**Try it**: Exactly as given, write out all the entries again.

- - -

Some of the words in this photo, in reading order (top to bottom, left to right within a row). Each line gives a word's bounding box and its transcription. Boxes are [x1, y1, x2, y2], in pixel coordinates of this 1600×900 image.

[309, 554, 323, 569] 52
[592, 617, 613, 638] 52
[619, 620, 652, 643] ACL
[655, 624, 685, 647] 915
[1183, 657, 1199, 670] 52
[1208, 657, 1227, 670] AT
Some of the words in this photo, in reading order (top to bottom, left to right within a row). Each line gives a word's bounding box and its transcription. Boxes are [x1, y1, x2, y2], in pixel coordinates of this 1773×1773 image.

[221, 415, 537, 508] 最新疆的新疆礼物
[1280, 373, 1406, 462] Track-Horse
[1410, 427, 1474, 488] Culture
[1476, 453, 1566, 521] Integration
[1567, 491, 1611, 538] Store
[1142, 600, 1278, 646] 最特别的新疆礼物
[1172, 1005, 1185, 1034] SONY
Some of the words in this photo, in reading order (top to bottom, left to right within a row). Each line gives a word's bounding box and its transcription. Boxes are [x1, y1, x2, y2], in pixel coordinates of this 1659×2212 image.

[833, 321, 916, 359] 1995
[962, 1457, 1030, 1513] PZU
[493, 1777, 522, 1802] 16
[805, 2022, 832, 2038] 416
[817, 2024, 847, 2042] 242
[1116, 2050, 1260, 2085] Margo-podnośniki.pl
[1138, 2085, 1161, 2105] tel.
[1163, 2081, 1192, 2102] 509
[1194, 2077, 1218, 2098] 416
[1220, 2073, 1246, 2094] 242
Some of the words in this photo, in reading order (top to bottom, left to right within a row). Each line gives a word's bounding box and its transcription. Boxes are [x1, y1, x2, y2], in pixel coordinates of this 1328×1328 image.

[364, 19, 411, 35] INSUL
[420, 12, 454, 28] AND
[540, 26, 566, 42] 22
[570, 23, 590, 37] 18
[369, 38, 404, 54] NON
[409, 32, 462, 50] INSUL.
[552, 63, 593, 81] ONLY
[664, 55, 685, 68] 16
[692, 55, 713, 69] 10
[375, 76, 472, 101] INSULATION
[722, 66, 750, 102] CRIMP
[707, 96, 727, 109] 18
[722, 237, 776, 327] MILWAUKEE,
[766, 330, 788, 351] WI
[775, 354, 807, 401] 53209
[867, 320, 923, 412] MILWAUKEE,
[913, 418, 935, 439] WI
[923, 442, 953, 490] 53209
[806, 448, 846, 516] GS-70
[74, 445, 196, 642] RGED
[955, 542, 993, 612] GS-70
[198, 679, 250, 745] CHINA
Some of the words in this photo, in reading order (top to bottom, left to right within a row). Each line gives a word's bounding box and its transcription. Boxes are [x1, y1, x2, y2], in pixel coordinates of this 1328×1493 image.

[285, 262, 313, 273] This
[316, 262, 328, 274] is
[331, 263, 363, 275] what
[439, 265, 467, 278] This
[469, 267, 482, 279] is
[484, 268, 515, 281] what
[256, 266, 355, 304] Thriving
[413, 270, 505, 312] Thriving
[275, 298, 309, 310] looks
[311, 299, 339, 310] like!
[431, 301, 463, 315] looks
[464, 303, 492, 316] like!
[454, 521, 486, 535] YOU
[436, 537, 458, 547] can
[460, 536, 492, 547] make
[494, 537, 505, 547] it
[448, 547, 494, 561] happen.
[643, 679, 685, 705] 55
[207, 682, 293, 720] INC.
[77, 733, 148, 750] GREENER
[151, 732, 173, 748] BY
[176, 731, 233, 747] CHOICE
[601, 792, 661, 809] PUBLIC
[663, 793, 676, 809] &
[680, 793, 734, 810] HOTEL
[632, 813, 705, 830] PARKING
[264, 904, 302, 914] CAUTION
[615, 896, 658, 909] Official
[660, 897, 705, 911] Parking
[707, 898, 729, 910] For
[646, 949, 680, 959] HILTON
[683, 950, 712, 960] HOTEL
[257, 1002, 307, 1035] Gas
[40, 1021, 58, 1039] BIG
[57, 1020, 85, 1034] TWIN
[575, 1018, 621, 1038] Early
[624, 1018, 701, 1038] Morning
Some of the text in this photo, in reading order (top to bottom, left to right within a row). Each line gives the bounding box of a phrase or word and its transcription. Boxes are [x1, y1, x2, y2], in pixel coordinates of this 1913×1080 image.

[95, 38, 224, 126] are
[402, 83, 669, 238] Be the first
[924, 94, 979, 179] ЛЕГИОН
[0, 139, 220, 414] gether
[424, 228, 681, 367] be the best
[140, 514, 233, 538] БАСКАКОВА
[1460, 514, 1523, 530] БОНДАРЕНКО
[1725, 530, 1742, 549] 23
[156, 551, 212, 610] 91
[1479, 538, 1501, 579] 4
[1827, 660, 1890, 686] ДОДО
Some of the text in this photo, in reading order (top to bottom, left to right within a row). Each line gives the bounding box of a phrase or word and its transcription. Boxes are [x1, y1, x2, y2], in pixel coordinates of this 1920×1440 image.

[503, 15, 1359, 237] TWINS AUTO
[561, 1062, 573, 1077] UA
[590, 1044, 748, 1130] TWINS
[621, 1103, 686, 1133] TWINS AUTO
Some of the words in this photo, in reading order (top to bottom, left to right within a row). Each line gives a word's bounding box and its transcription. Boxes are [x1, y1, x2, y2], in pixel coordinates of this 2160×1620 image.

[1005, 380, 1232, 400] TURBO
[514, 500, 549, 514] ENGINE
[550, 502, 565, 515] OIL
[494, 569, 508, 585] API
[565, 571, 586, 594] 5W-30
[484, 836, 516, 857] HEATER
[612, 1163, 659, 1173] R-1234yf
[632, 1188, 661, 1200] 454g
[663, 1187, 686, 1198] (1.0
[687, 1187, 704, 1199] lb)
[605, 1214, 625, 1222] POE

- - -

**Answer below**:
Some of the words in this photo, in reading order (top to bottom, left to right within a row). Each line gives a word's bounding box and its transcription. Boxes are [x1, y1, x2, y2], in pixel coordinates of this 1600×900 image.

[309, 554, 323, 569] 52
[592, 617, 613, 638] 52
[619, 620, 652, 643] ACL
[655, 624, 685, 647] 915
[1183, 657, 1199, 670] 52
[1208, 657, 1227, 670] AT
Some of the words in this photo, in reading order (top to bottom, left to right within a row). Each line gives a word's bounding box and its transcription. Boxes are [x1, y1, x2, y2], in pixel coordinates of this 1773×1773 image.

[221, 415, 537, 508] 最新疆的新疆礼物
[1280, 373, 1406, 462] Track-Horse
[1410, 427, 1474, 488] Culture
[1476, 453, 1566, 521] Integration
[1567, 491, 1611, 538] Store
[1142, 600, 1278, 646] 最特别的新疆礼物
[1172, 1005, 1185, 1034] SONY
Some of the words in this photo, in reading order (top to bottom, left to right within a row). Each line gives a word's bounding box and its transcription. Boxes are [x1, y1, x2, y2], in pixel coordinates of this 1659×2212 image.

[833, 321, 916, 359] 1995
[962, 1457, 1030, 1513] PZU
[493, 1777, 522, 1802] 16
[805, 2022, 832, 2038] 416
[817, 2024, 847, 2042] 242
[1116, 2050, 1260, 2085] Margo-podnośniki.pl
[1138, 2085, 1161, 2105] tel.
[1163, 2081, 1192, 2102] 509
[1194, 2077, 1218, 2098] 416
[1220, 2073, 1246, 2094] 242
Some of the words in this photo, in reading order (top to bottom, left to right within a row). Each line gives a word's bounding box and its transcription. Boxes are [x1, y1, x2, y2], in pixel coordinates of this 1328×1328 image.

[364, 19, 411, 35] INSUL
[420, 12, 454, 28] AND
[540, 26, 566, 42] 22
[570, 23, 590, 37] 18
[369, 38, 404, 54] NON
[409, 32, 462, 50] INSUL.
[552, 63, 593, 81] ONLY
[664, 55, 685, 68] 16
[692, 55, 713, 69] 10
[375, 76, 472, 101] INSULATION
[722, 66, 750, 102] CRIMP
[707, 96, 727, 109] 18
[722, 237, 776, 327] MILWAUKEE,
[766, 330, 788, 351] WI
[775, 354, 807, 401] 53209
[867, 320, 923, 412] MILWAUKEE,
[913, 418, 935, 439] WI
[923, 442, 953, 490] 53209
[806, 448, 846, 516] GS-70
[74, 445, 196, 642] RGED
[955, 542, 993, 612] GS-70
[198, 679, 250, 745] CHINA
Some of the words in this photo, in reading order (top to bottom, left to right within a row). Each line gives a word's bounding box and its transcription. Boxes are [x1, y1, x2, y2], in pixel coordinates of this 1328×1493 image.

[285, 262, 313, 273] This
[316, 262, 328, 274] is
[331, 263, 363, 275] what
[439, 265, 467, 278] This
[469, 267, 482, 279] is
[484, 268, 515, 281] what
[256, 266, 355, 304] Thriving
[413, 270, 505, 312] Thriving
[275, 298, 309, 310] looks
[311, 299, 339, 310] like!
[431, 301, 463, 315] looks
[464, 303, 492, 316] like!
[454, 521, 486, 535] YOU
[436, 537, 458, 547] can
[460, 536, 492, 547] make
[494, 537, 505, 547] it
[448, 547, 494, 561] happen.
[643, 679, 685, 705] 55
[207, 682, 293, 720] INC.
[77, 733, 148, 750] GREENER
[151, 732, 173, 748] BY
[176, 731, 233, 747] CHOICE
[601, 792, 661, 809] PUBLIC
[663, 793, 676, 809] &
[680, 793, 734, 810] HOTEL
[632, 813, 705, 830] PARKING
[264, 904, 302, 914] CAUTION
[615, 896, 658, 909] Official
[660, 897, 705, 911] Parking
[707, 898, 729, 910] For
[646, 949, 680, 959] HILTON
[683, 950, 712, 960] HOTEL
[257, 1002, 307, 1035] Gas
[40, 1021, 58, 1039] BIG
[57, 1020, 85, 1034] TWIN
[575, 1018, 621, 1038] Early
[624, 1018, 701, 1038] Morning
Some of the text in this photo, in reading order (top to bottom, left to right within a row). Each line gives the bounding box of a phrase or word and its transcription. Boxes are [x1, y1, x2, y2], in pixel coordinates of this 1913×1080 image.

[95, 38, 224, 126] are
[402, 83, 669, 238] Be the first
[924, 94, 979, 179] ЛЕГИОН
[0, 139, 220, 414] gether
[424, 228, 681, 367] be the best
[140, 514, 233, 538] БАСКАКОВА
[1460, 514, 1523, 530] БОНДАРЕНКО
[1725, 530, 1742, 549] 23
[156, 551, 212, 610] 91
[1479, 538, 1501, 579] 4
[1827, 660, 1890, 686] ДОДО
Some of the text in this photo, in reading order (top to bottom, left to right within a row). Each line gives the bounding box of a phrase or word and its transcription. Boxes are [x1, y1, x2, y2], in pixel coordinates of this 1920×1440 image.

[503, 15, 1359, 237] TWINS AUTO
[561, 1062, 573, 1077] UA
[590, 1044, 748, 1130] TWINS
[621, 1103, 686, 1133] TWINS AUTO
Some of the words in this photo, in reading order (top to bottom, left to right within a row). Each line gives a word's bounding box and its transcription. Boxes are [x1, y1, x2, y2], in pixel coordinates of this 2160×1620 image.

[1005, 380, 1232, 400] TURBO
[514, 500, 549, 514] ENGINE
[550, 502, 565, 515] OIL
[494, 569, 508, 585] API
[565, 571, 586, 594] 5W-30
[484, 836, 516, 857] HEATER
[612, 1163, 659, 1173] R-1234yf
[632, 1188, 661, 1200] 454g
[663, 1187, 686, 1198] (1.0
[687, 1187, 704, 1199] lb)
[605, 1214, 625, 1222] POE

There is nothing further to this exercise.